Aim of the exercise —
Below are records with pictures in them; print them exactly, omitting the pictures.

Supplied records Block Start

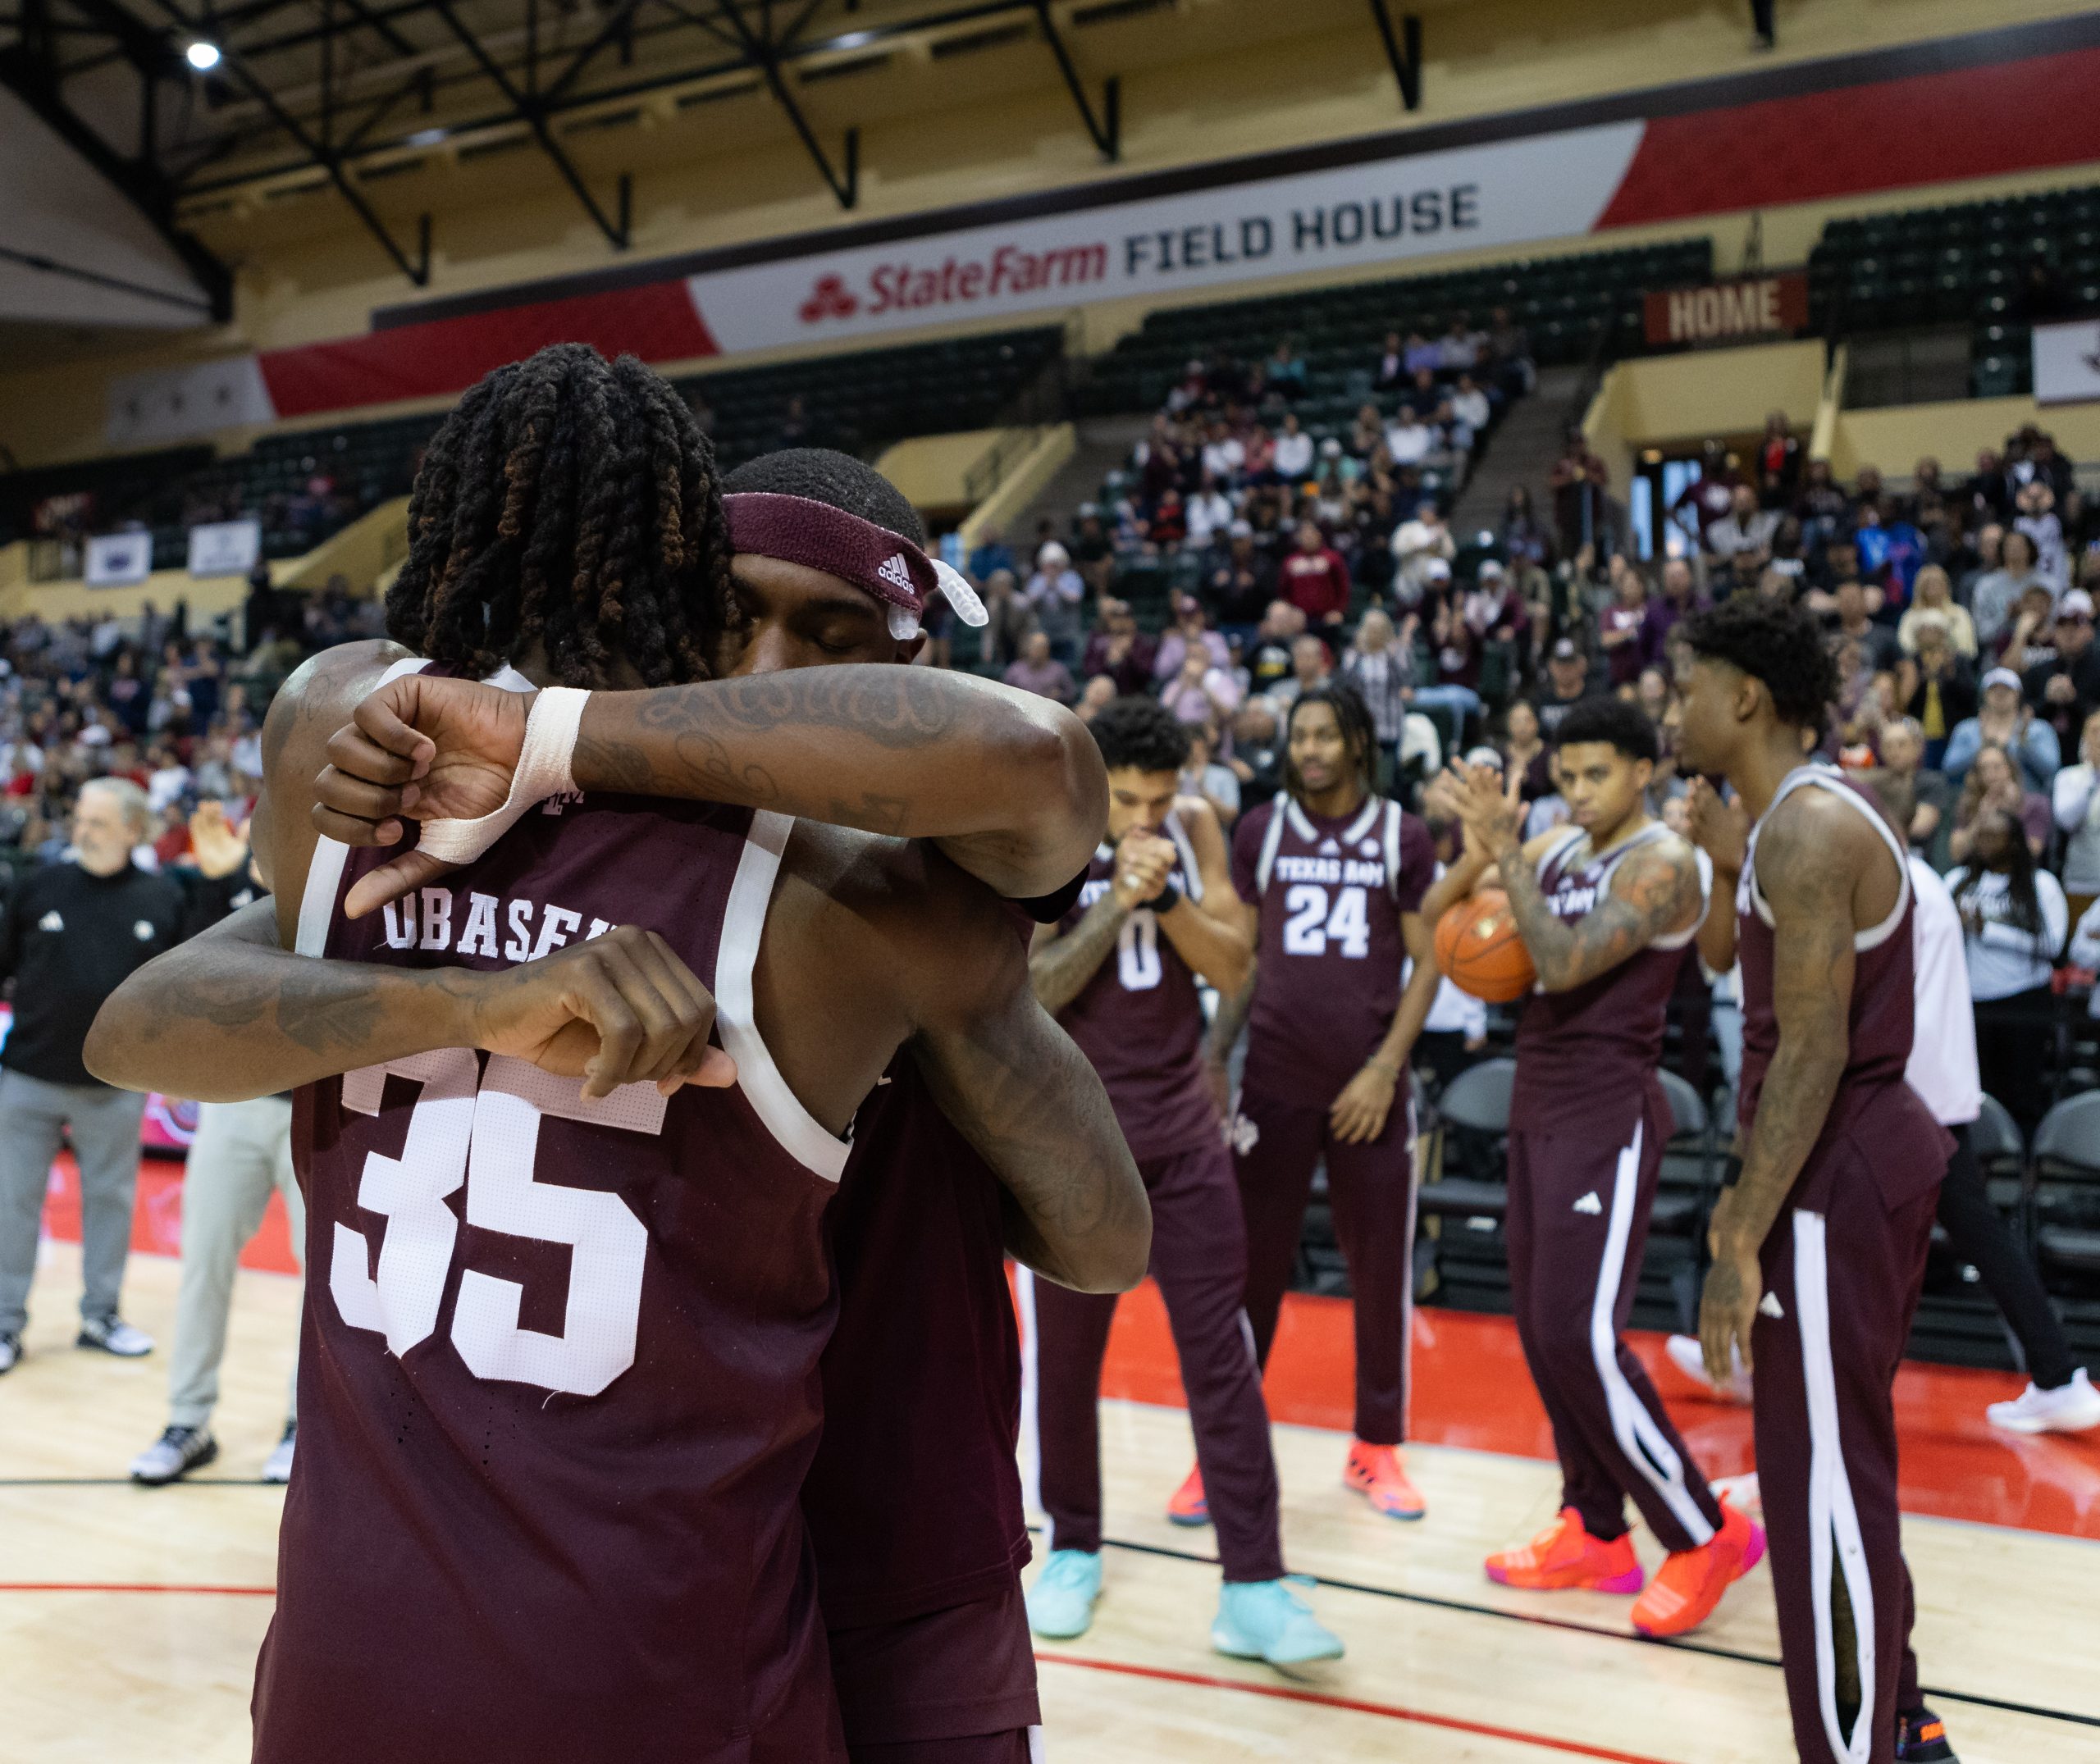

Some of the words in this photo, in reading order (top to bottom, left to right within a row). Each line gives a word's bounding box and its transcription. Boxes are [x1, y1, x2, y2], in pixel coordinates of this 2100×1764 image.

[1125, 216, 1273, 276] FIELD
[1291, 184, 1479, 253] HOUSE
[1669, 280, 1782, 341] HOME
[879, 566, 915, 595] adidas
[1276, 855, 1341, 883] TEXAS
[383, 887, 617, 962] OBASE
[1117, 907, 1162, 991] 0
[1283, 884, 1370, 959] 24
[330, 1047, 669, 1397] 35

Supplied records Block End

Output for this exercise —
Some of the words in this photo, in reading order (top to bottom, left to right within a row). Each line gives a word's bounding box and its transcription. Boxes are [x1, y1, x2, y2], in pixel coordinates of this 2100×1764 image.

[1125, 216, 1273, 276] FIELD
[1291, 184, 1479, 253] HOUSE
[1669, 280, 1782, 341] HOME
[879, 566, 915, 595] adidas
[1276, 855, 1341, 883] TEXAS
[383, 887, 617, 962] OBASE
[1117, 907, 1162, 991] 0
[1283, 884, 1370, 959] 24
[330, 1047, 669, 1397] 35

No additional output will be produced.